While a majority of companies surveyed are prepared to adopt technologies driven by artificial intelligence next year, a UNDP report in July 2020 noted that just one-fifth of Latin American workers are able to adopt remote work. Nonetheless, the democratization of these technologies is making it possible for the smallest mom and pop shops all the way up to the mega manufacturers to move their operations online, with the added pressure of the pandemic increasing the speed of adoption.

Latin America’s HR managers across dozens of industries are preparing to stick out the pandemic and are putting plans in place for the next crisis. Here’s what to expect from the post-pandemic Latin American workforce.

Balancing and leveraging digital tools for a hybrid workweek

Business in Latin America is traditionally done face to face. In fact, in some countries it is considered rude to try to strike a partnership or deal with anyone until you have had lunch or coffee at least once or twice. Given this custom, it is unsurprising that just 14 percent of HR executives in the region said they felt prepared for the current crisis.

Courtney McColgan, founder and CEO of Runa HR.

Nonetheless, as COVID-19 swept the region in March, companies and their employees have quickly found new ways to communicate and come to agreements. Of the companies surveyed, 100 percent noted that they have implemented new software since the start of the pandemic. Two-thirds of this group is using video-calling software to manage remote communication as some workers return to the office and others remain home.

Beyond Zoom, nearly half of these businesses have adopted software to monitor employees’ remote work. With 55 percent of companies in the region adopting a hybrid return to the office—meaning alternate work days for specific employees to reduce contact—the future of work in Latin America is looking much more flexible and less dependent on human contact than before the pandemic.

Going beyond the legal requirements for benefits

The majority of businesses in Latin America have acknowledged the threats that COVID-19 poses to their employees’ physical and mental health. In response, nearly two-thirds of HR departments shared that they have increased benefits to workers, including funding home office furnishings, increasing health benefits, or offering additional skills building opportunities. Delivery startup Rappi and education platform Platzi have even pioneered a permanent “work from anywhere” policy, similar to Twitter’s policy, among large tech companies in the region.

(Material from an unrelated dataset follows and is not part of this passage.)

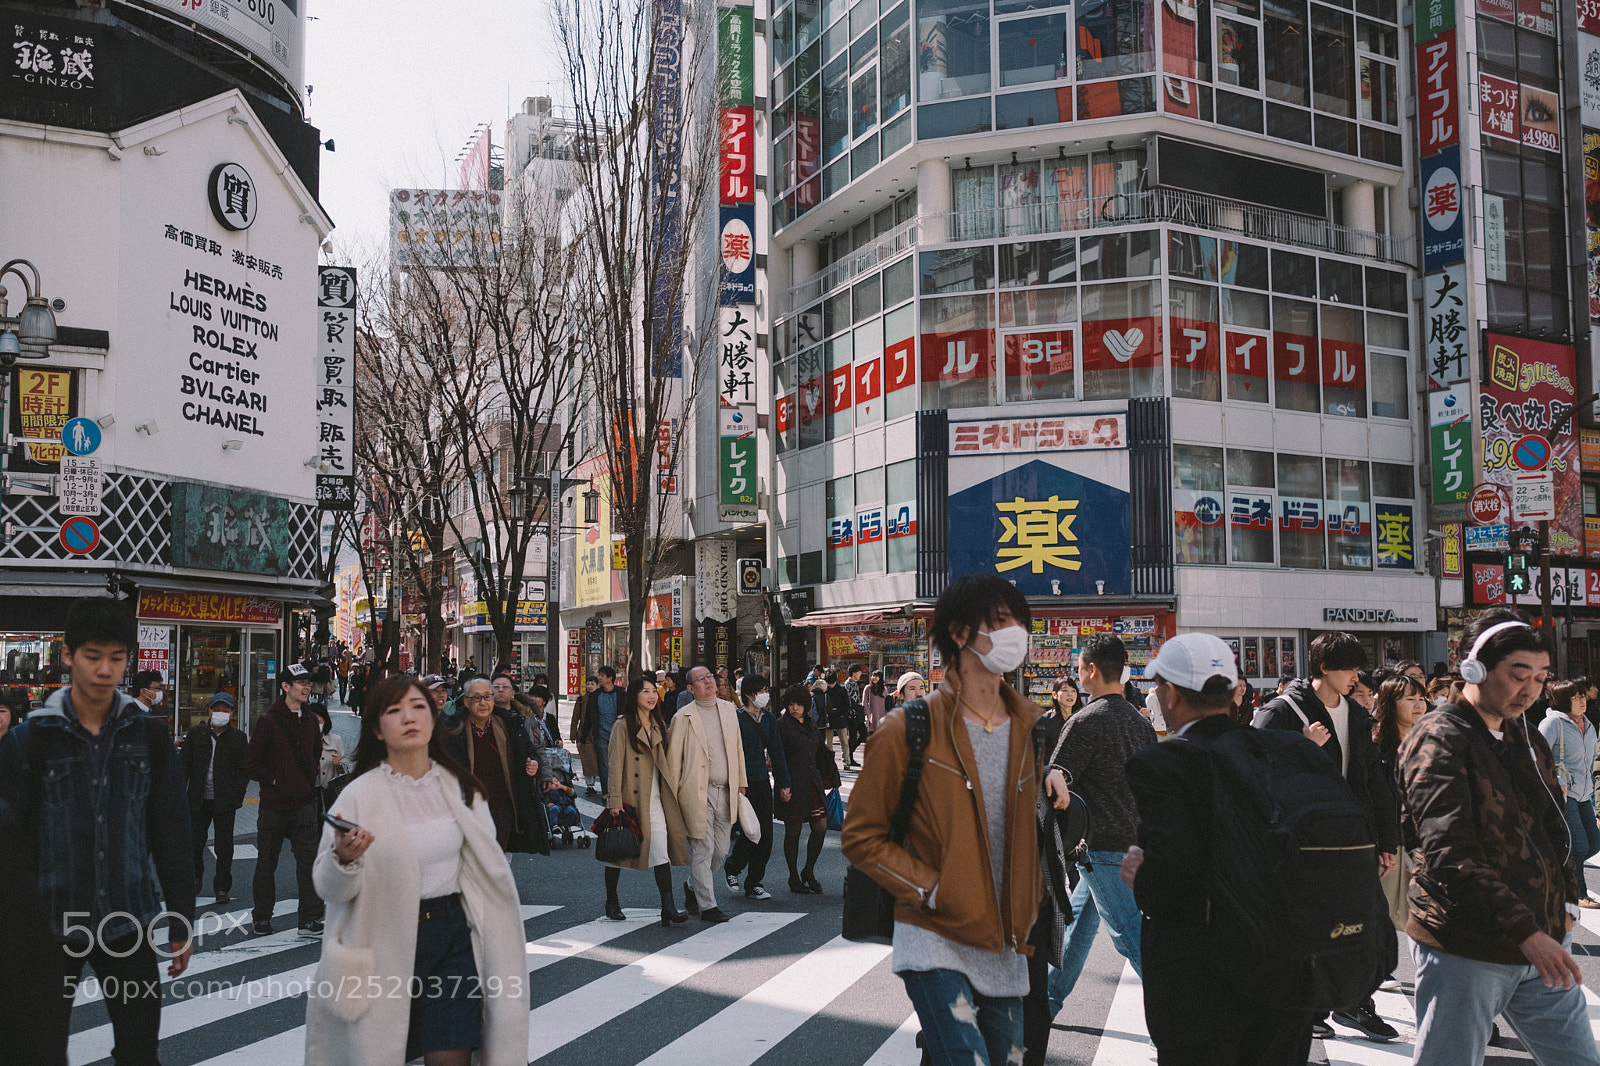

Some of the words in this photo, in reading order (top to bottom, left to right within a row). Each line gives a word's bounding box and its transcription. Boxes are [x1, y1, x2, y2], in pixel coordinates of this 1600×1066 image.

While these changes were already on the horizon, they are particularly groundbreaking in Latin America, where employers face strict legal requirements for employee benefits and rarely step beyond those boundaries. However, as the employment landscape becomes simultaneously more competitive and more precarious for workers, companies across all sectors are finding new ways to hold on to their employees and ensure their safety.

The majority of the new benefits brought on by COVID-19 this past year were developed privately, without the incentive of policy change. And although some tech companies were already offering more progressive employee benefits,  such as stock options, flexible hours, etc., the pandemic is pushing larger, more traditional businesses to follow suit.

After testing the pros and cons of a hybrid or remote workforce, many companies in Latin America will likely never return to the office as strictly as before. These new benefits will hopefully build a base for a happier, wealthier and more stable workforce with a significantly increased standard of living in the region after the pandemic has ended.

Cutting-edge technology is here to stay

Of the companies participating in our survey, 45 percent plan to implement AI within their operations in the next year; 35 percent responded similarly about robotics. From recruiting to algorithms for payroll loans, companies across the region are working on automating tasks to shift their workforce into more creative, intellectual labor. Despite the common concern that automation replaces humans, 92 percent of companies are betting on technology as a way to leverage human capacities, rather than a method to reduce their workforce.

A November 2020 survey by Runa HR of over 375 companies with operations in Latin America about the future of work in the region.

However, the integration of these technologies is still controversial, frustrating and lopsided across industries. It is unclear, for example, how artificial intelligence or robotic automation might be used to support the working class, which has been struck particularly hard both economically and physically by the pandemic. Even among the 375 companies surveyed, fewer than half considered themselves truly ready for the digital era. Smaller businesses might be even less prepared.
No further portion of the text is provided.